(EXERCISE PROMPT):
Would you write out all of the entries below, exactly as they stand?

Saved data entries
##############################

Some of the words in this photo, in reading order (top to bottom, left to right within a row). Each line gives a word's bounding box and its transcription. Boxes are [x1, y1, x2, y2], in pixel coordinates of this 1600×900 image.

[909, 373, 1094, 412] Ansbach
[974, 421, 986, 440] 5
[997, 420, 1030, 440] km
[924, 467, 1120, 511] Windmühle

##############################

(PROBLEM SOLUTION):
Some of the words in this photo, in reading order (top to bottom, left to right within a row). Each line gives a word's bounding box and its transcription. Boxes are [x1, y1, x2, y2], in pixel coordinates of this 1600×900 image.

[909, 373, 1094, 412] Ansbach
[974, 421, 986, 440] 5
[997, 420, 1030, 440] km
[924, 467, 1120, 511] Windmühle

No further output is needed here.